## Exercise instructions
Your response should consist of the entries below, reproduced exactly and without their images.

## Provided entries
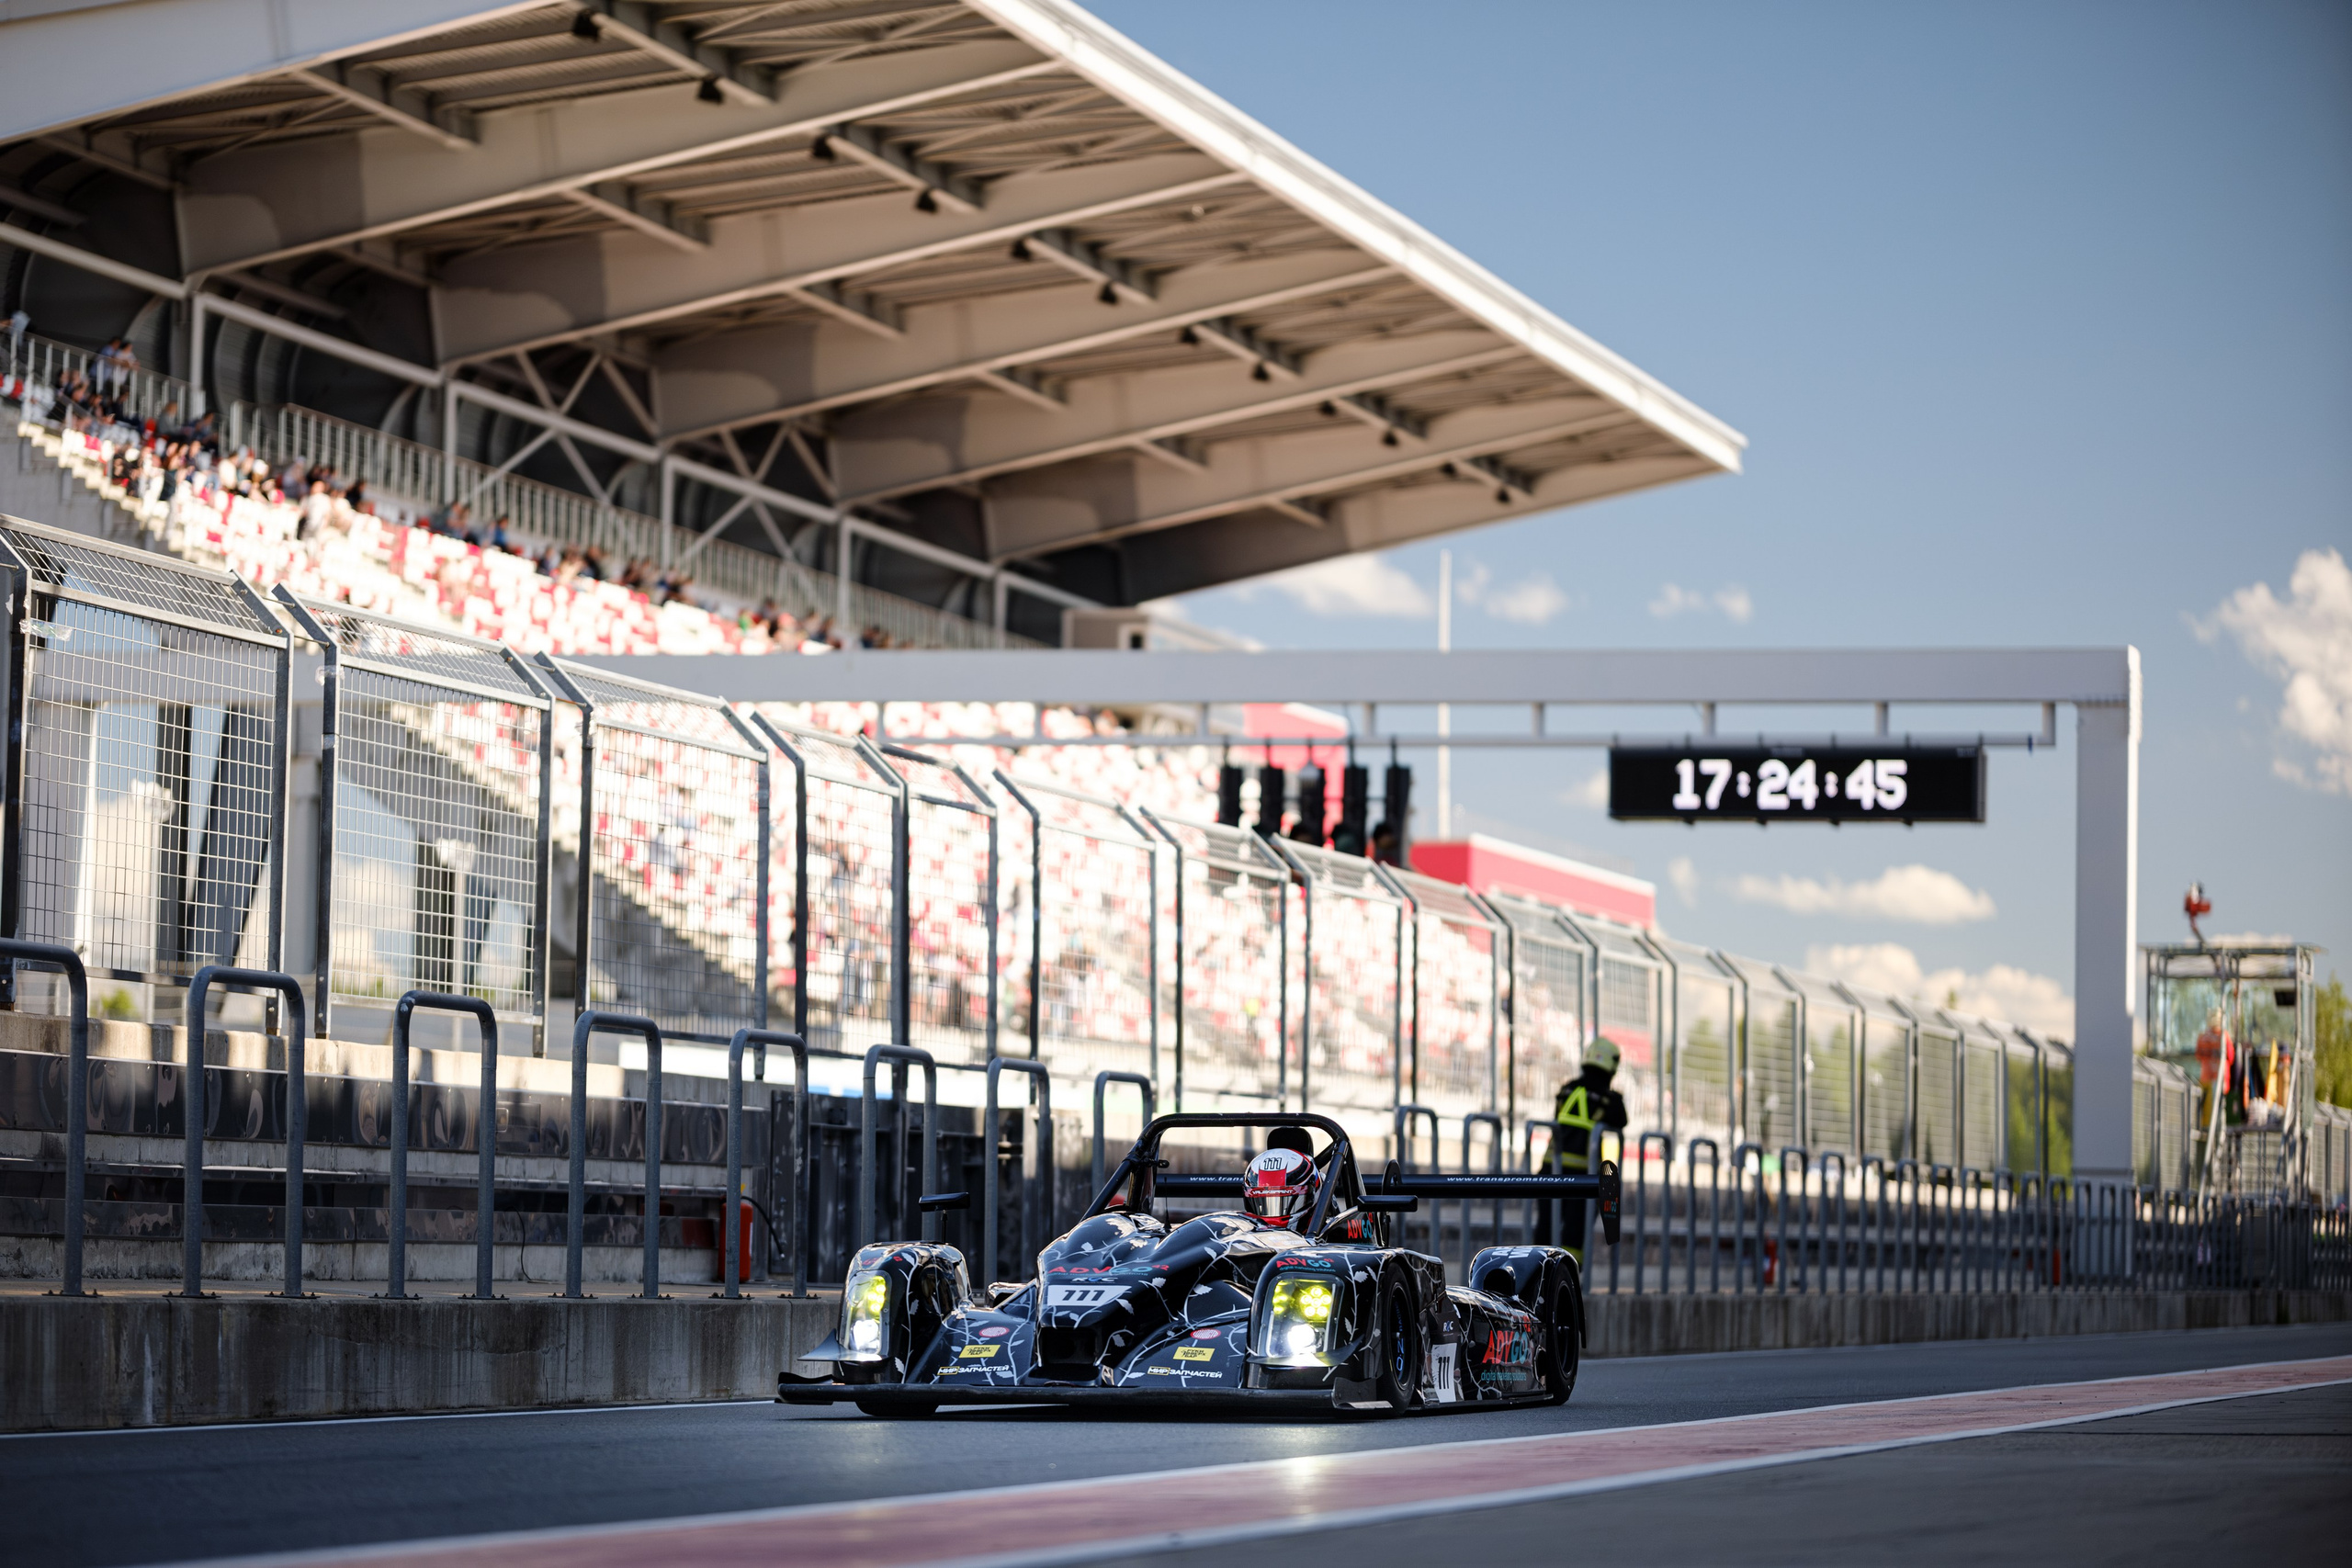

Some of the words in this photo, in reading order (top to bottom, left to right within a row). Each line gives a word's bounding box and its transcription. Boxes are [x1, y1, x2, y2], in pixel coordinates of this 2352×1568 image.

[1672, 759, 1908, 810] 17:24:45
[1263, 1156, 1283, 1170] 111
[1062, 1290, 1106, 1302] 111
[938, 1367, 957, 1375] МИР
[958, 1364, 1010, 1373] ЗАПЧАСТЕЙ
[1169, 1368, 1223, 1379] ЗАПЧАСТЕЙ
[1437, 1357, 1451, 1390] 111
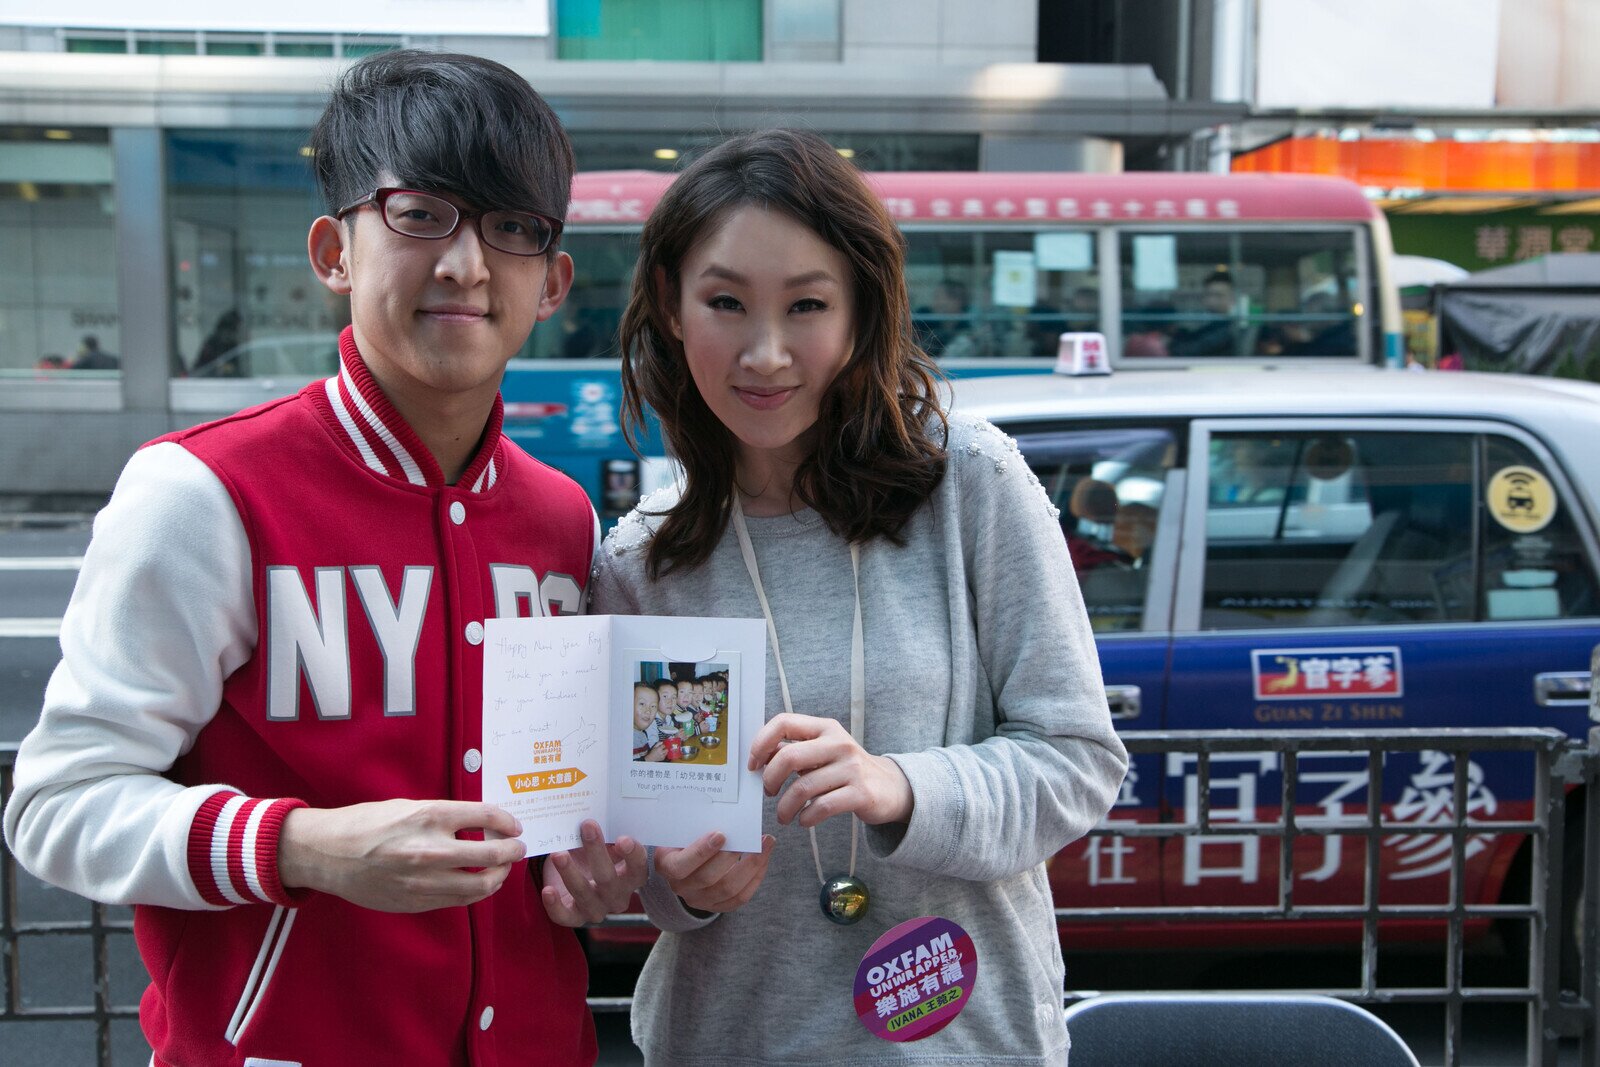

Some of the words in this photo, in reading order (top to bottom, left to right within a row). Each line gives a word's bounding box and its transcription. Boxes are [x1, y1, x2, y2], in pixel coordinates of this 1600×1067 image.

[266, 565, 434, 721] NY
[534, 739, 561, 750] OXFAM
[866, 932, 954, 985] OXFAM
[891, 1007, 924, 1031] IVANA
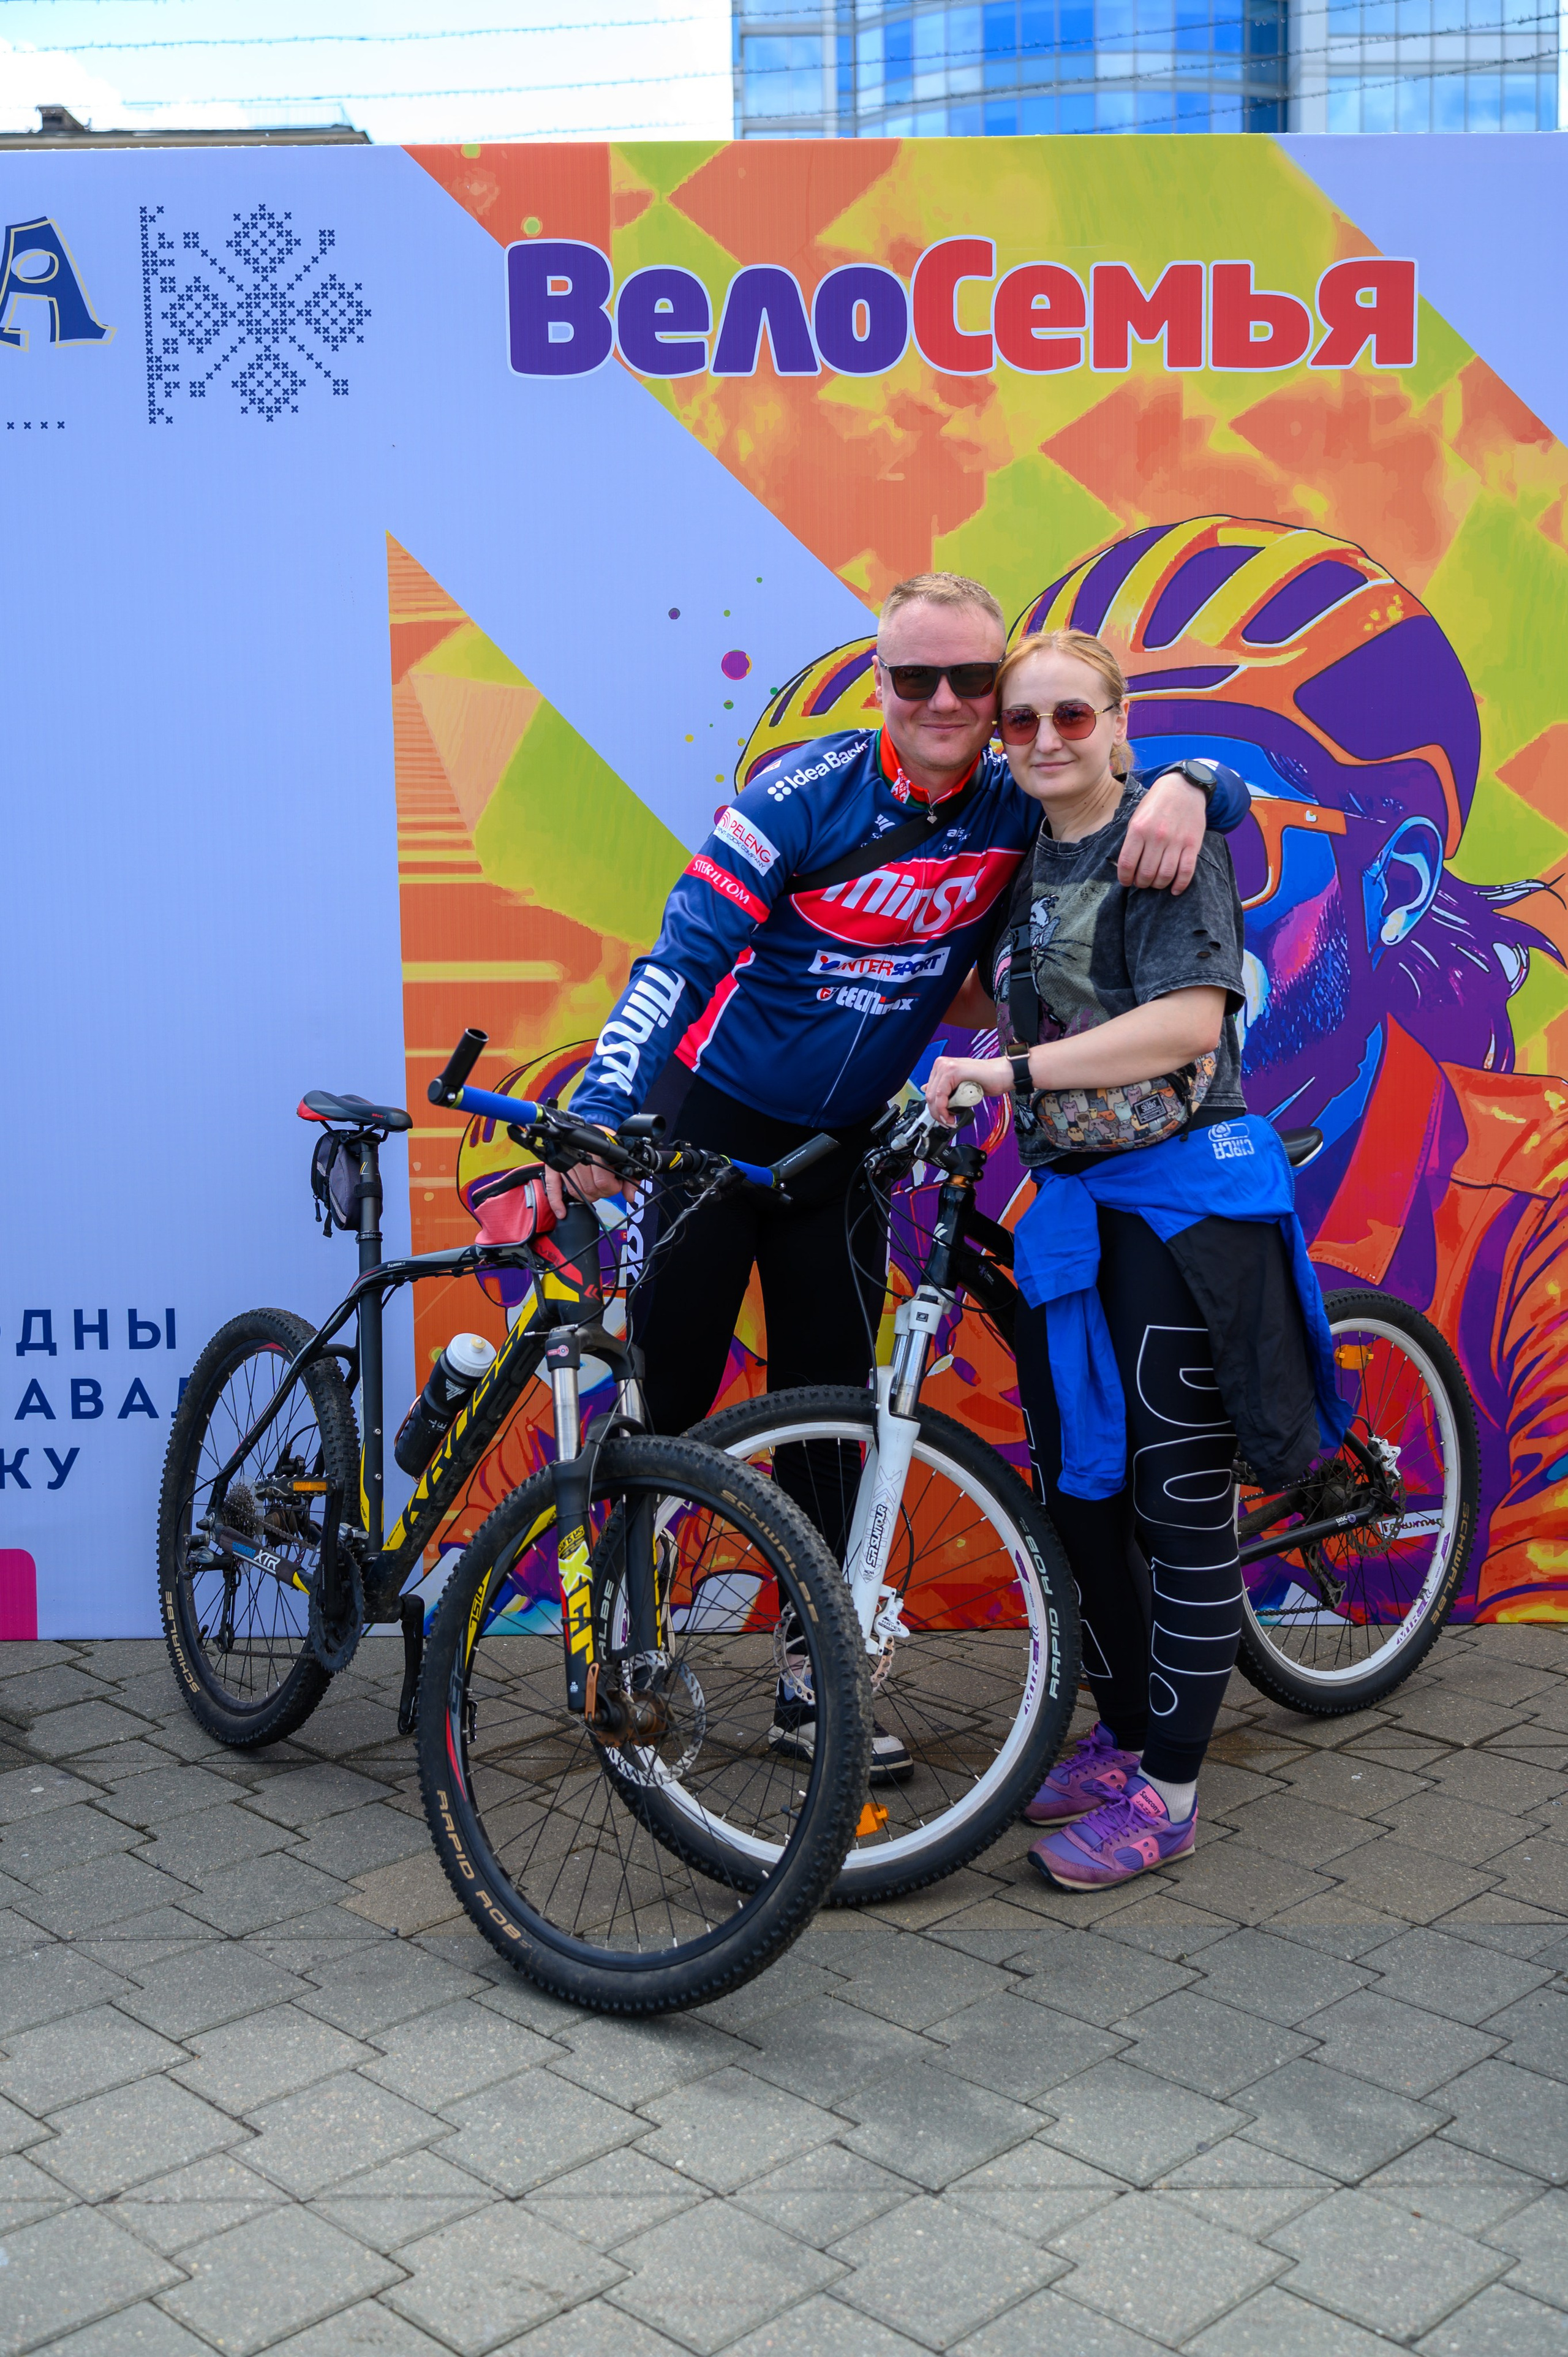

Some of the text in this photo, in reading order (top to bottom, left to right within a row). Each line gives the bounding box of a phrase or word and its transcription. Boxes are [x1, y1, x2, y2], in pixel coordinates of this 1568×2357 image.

## Written reply
Some of the words in this photo, in reading order (top to bottom, left to right within a row). Each line gives a word's bounding box and its transcription. Boxes are [x1, y1, x2, y2], in pixel coordinates of this 2352×1568 image.

[1672, 759, 1908, 810] 17:24:45
[1263, 1156, 1283, 1170] 111
[1062, 1290, 1106, 1302] 111
[938, 1367, 957, 1375] МИР
[958, 1364, 1010, 1373] ЗАПЧАСТЕЙ
[1169, 1368, 1223, 1379] ЗАПЧАСТЕЙ
[1437, 1357, 1451, 1390] 111

Some of the words in this photo, in reading order (top to bottom, left to right within a row). Each line gives a word's bounding box and its transcription. Boxes are [x1, y1, x2, y2], in pixel coordinates of this 1600×1067 image.

[266, 565, 434, 721] NY
[534, 739, 561, 750] OXFAM
[866, 932, 954, 985] OXFAM
[891, 1007, 924, 1031] IVANA

Some of the text in this photo, in reading order (top to bottom, left to right within a row). Each line gives the bounding box of a phrase or word and its transcription. Boxes are [x1, y1, x2, y2], in pixel coordinates of this 1568×2357 image.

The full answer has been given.